### Data records ###

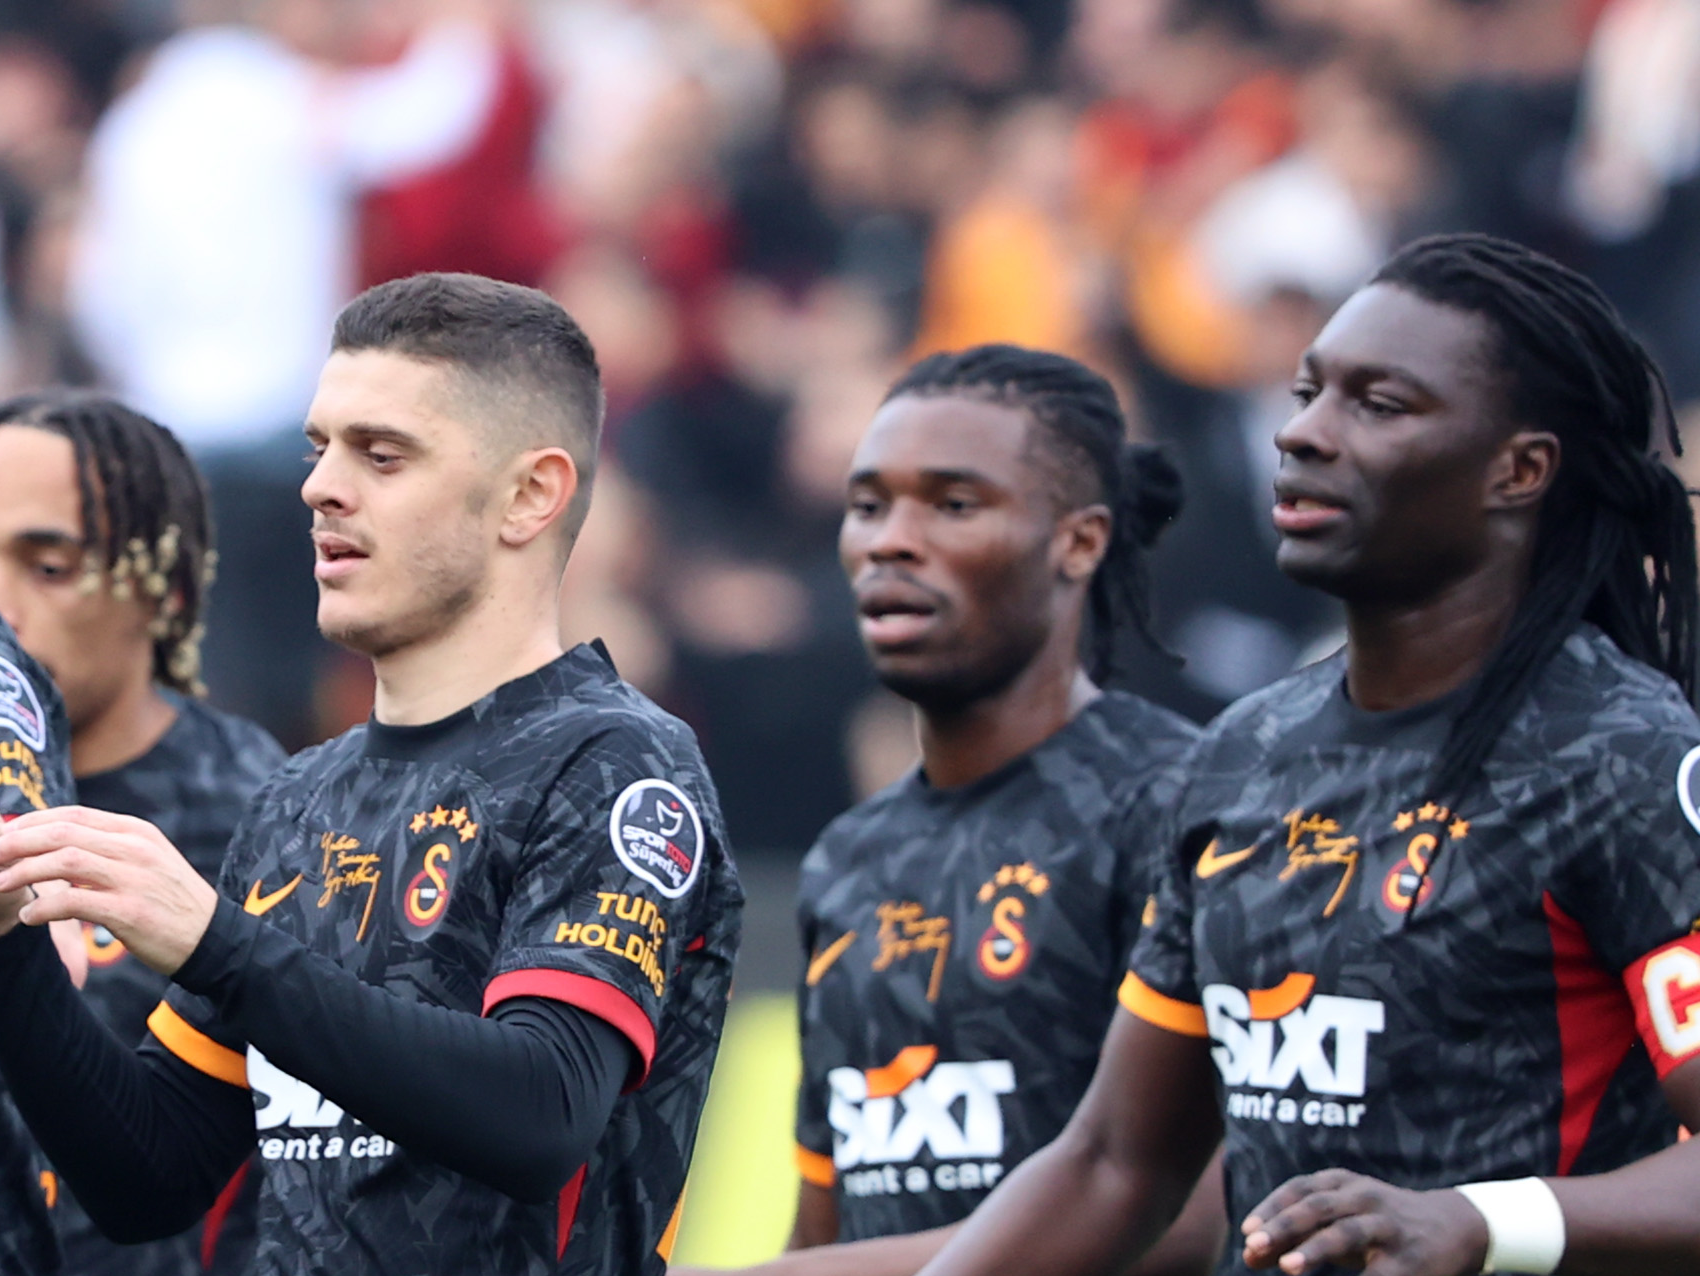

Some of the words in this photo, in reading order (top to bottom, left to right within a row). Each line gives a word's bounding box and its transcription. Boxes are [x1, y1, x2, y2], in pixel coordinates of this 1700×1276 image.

[1276, 1098, 1298, 1124] a
[1302, 1101, 1367, 1128] car
[257, 1133, 322, 1161] ent
[323, 1136, 345, 1159] a
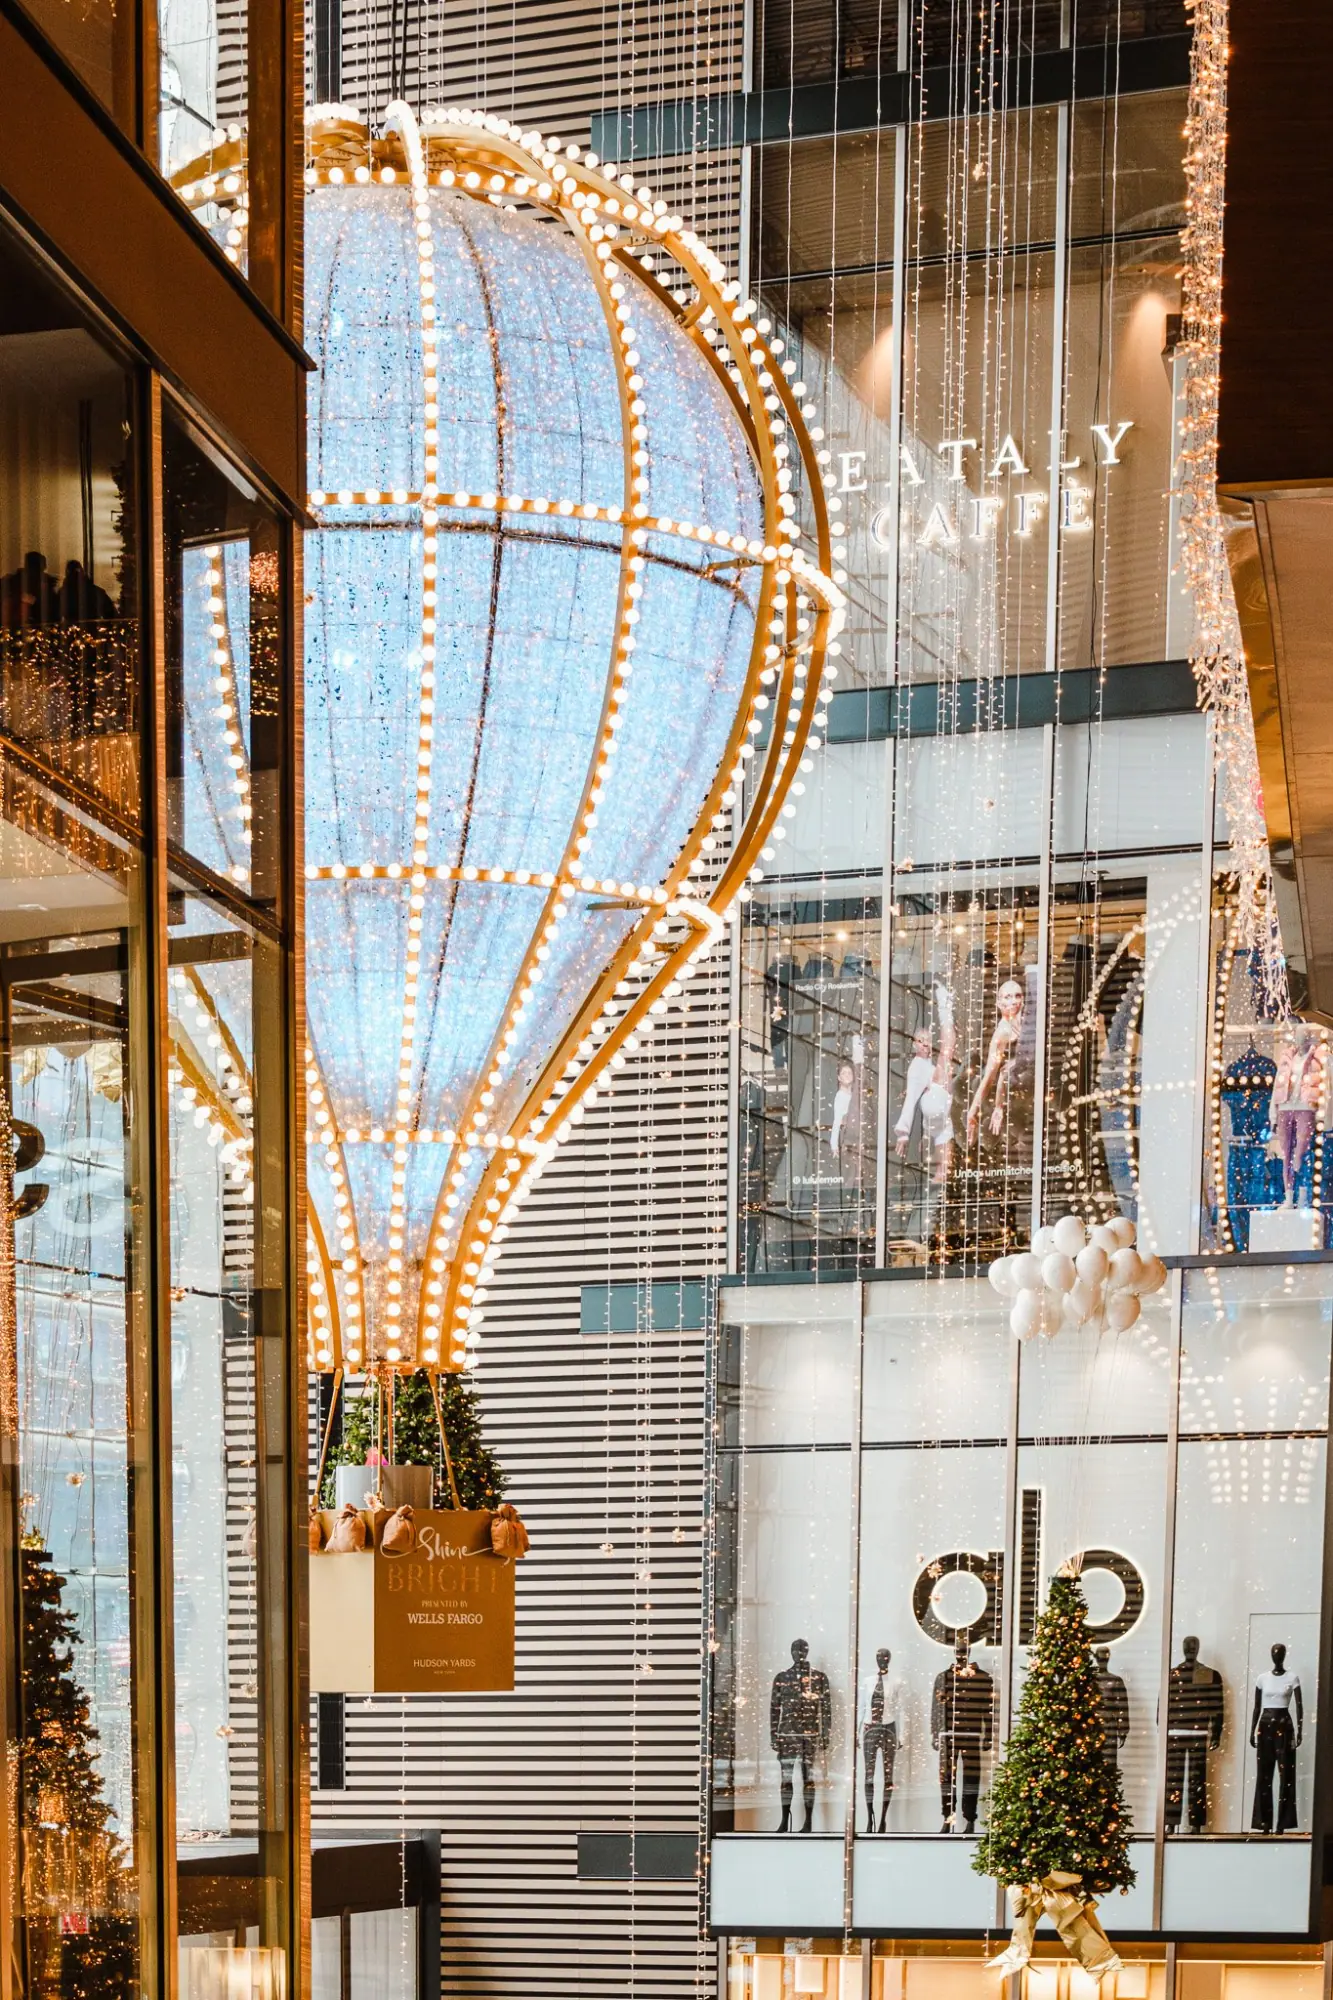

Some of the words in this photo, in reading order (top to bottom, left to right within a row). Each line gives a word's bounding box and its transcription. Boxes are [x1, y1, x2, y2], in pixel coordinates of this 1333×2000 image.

[837, 421, 1135, 493] EATALY
[985, 1165, 1035, 1178] unmatche
[912, 1488, 1146, 1648] alo
[388, 1563, 502, 1594] BRIGHT
[421, 1600, 459, 1609] PRESENTED
[460, 1600, 469, 1609] BY
[407, 1613, 445, 1625] WELLS
[447, 1613, 484, 1625] FARGO
[413, 1659, 449, 1668] HUDSON
[450, 1659, 477, 1668] YARDS
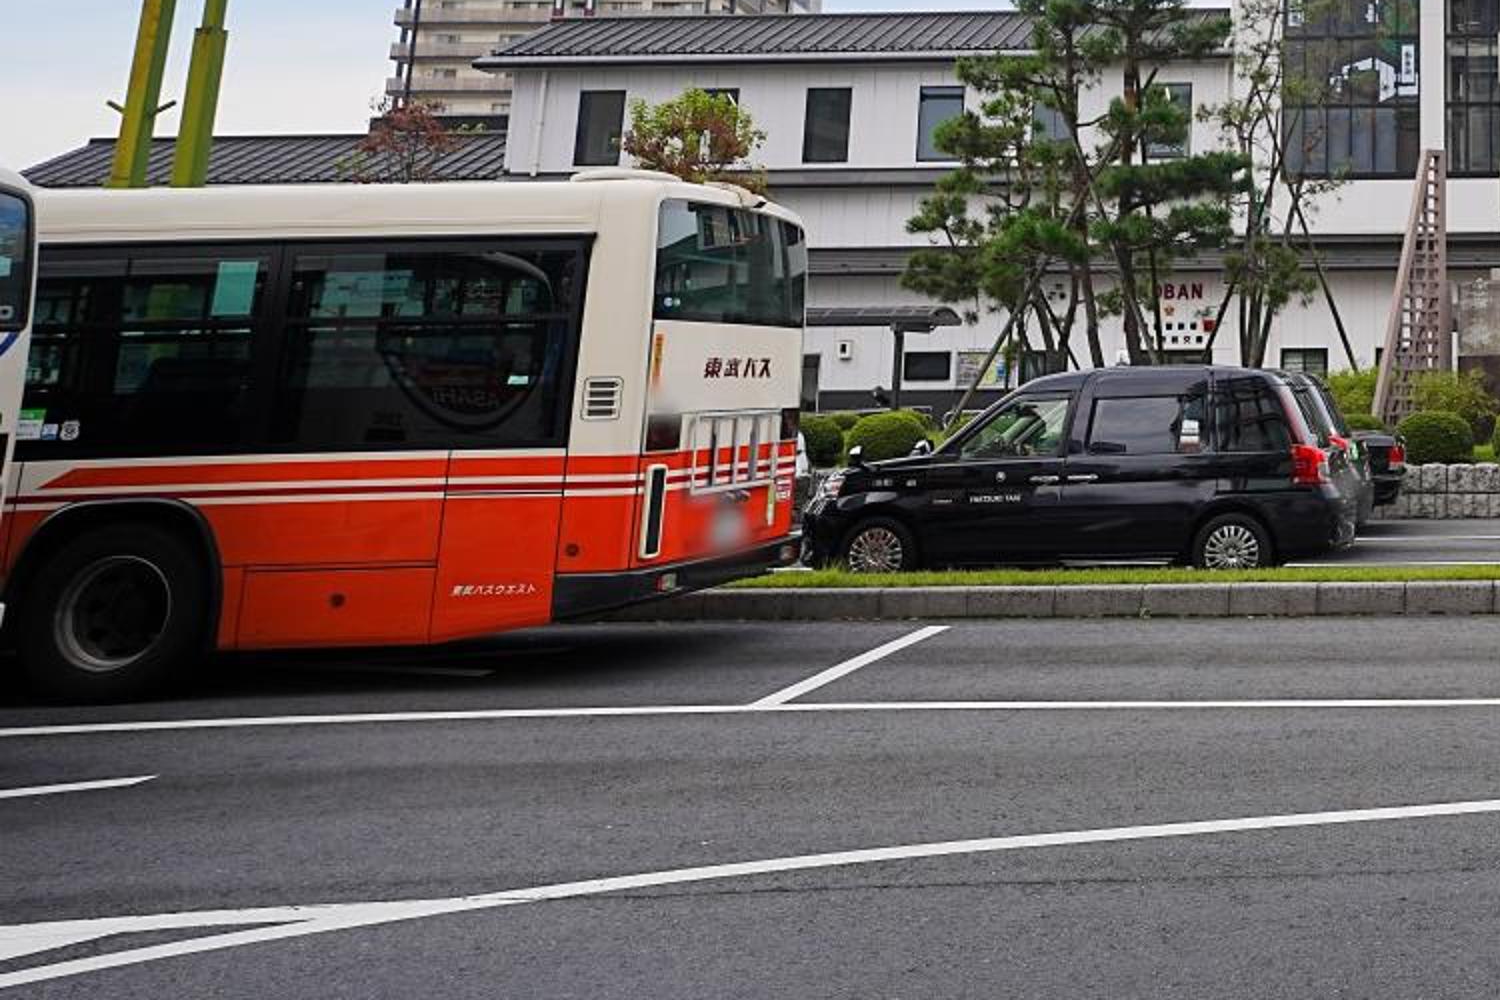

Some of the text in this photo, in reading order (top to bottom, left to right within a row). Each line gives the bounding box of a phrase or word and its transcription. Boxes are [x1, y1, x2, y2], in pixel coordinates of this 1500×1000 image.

[704, 357, 771, 378] 東武バス
[452, 583, 536, 597] 東武バスウエスト
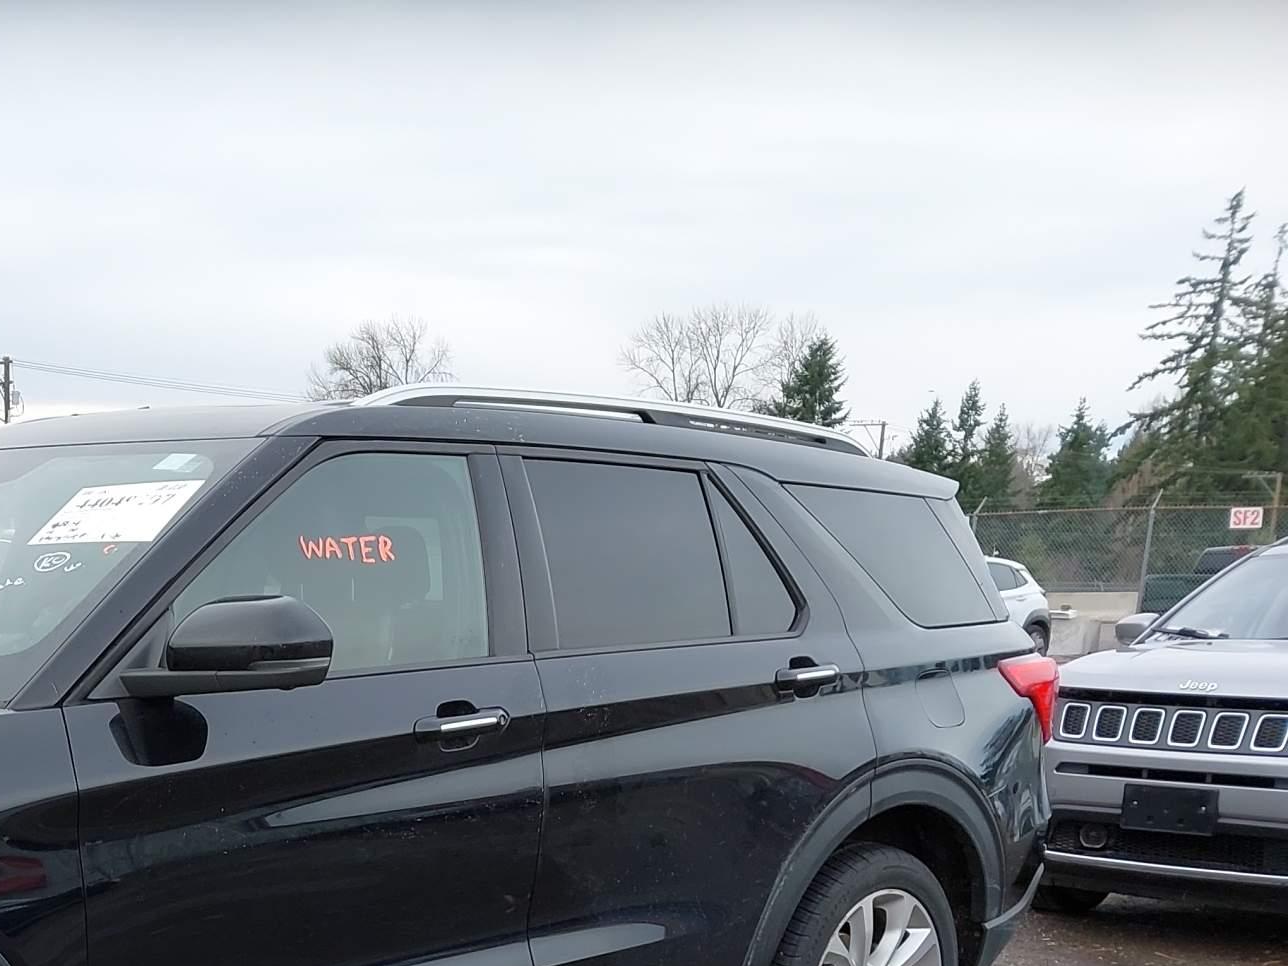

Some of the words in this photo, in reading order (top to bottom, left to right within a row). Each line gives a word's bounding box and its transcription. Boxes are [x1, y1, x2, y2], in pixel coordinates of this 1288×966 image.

[1232, 509, 1260, 526] SF2
[299, 535, 395, 563] WATER
[1179, 679, 1218, 692] Jeep

###

Task to complete = The expected output is every entry above, character for character, with no pictures.

Exercise answer =
Some of the words in this photo, in reading order (top to bottom, left to right within a row). Each line gives a word's bounding box and its transcription. Boxes are [x1, y1, x2, y2], in pixel coordinates of this 1700×1276 image.

[1276, 1098, 1298, 1124] a
[1302, 1101, 1367, 1128] car
[257, 1133, 322, 1161] ent
[323, 1136, 345, 1159] a

Some of the words in this photo, in reading order (top to bottom, left to right within a row). Each line gives a word's bounding box and its transcription. Boxes are [x1, y1, x2, y2], in pixel coordinates of this 1333×2000 image.

[837, 421, 1135, 493] EATALY
[985, 1165, 1035, 1178] unmatche
[912, 1488, 1146, 1648] alo
[388, 1563, 502, 1594] BRIGHT
[421, 1600, 459, 1609] PRESENTED
[460, 1600, 469, 1609] BY
[407, 1613, 445, 1625] WELLS
[447, 1613, 484, 1625] FARGO
[413, 1659, 449, 1668] HUDSON
[450, 1659, 477, 1668] YARDS

Some of the text in this photo, in reading order (top to bottom, left to right within a row). Each line gives the bounding box of a phrase or word and its transcription. Boxes are [x1, y1, x2, y2], in pixel coordinates of this 1500×1000 image.

[704, 357, 771, 378] 東武バス
[452, 583, 536, 597] 東武バスウエスト

Some of the words in this photo, in reading order (top to bottom, left to right within a row). Each line gives a word's bounding box and its transcription. Boxes are [x1, y1, x2, y2], in pixel coordinates of this 1288×966 image.

[1232, 509, 1260, 526] SF2
[299, 535, 395, 563] WATER
[1179, 679, 1218, 692] Jeep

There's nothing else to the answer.